▸ **BRIEF**
Make an exact copy of the entries below, with all images left out.

▸ **AVAILABLE RECORDS**
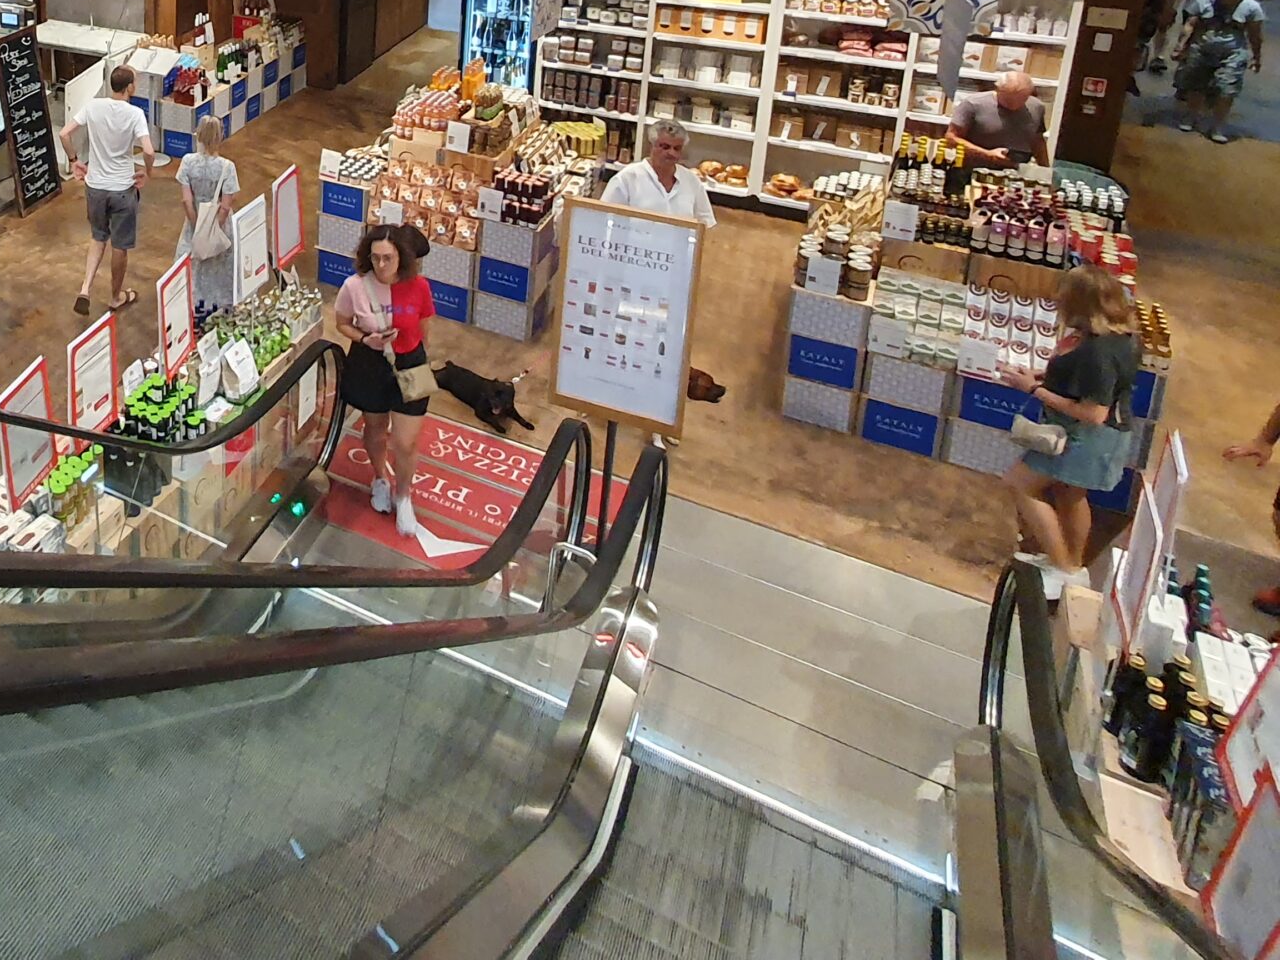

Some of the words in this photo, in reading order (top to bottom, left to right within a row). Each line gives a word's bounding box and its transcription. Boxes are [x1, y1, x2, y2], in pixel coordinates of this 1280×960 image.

[328, 192, 357, 204] EATALY
[577, 234, 597, 248] LE
[601, 239, 676, 264] OFFERTE
[580, 246, 602, 258] DEL
[607, 252, 670, 273] MERCATO
[433, 291, 460, 304] ATALY
[799, 349, 846, 367] EATALY
[875, 414, 924, 432] EATALY
[347, 448, 473, 504] PIAO

▸ **EXERCISE ANSWER**
Some of the words in this photo, in reading order (top to bottom, left to right within a row). Each line gives a word's bounding box and its transcription. Boxes are [x1, y1, x2, y2], in pixel coordinates of this 1280×960 image.

[328, 192, 357, 204] EATALY
[577, 234, 597, 248] LE
[601, 239, 676, 264] OFFERTE
[580, 246, 602, 258] DEL
[607, 252, 670, 273] MERCATO
[433, 291, 460, 304] ATALY
[799, 349, 846, 367] EATALY
[875, 414, 924, 432] EATALY
[347, 448, 473, 504] PIAO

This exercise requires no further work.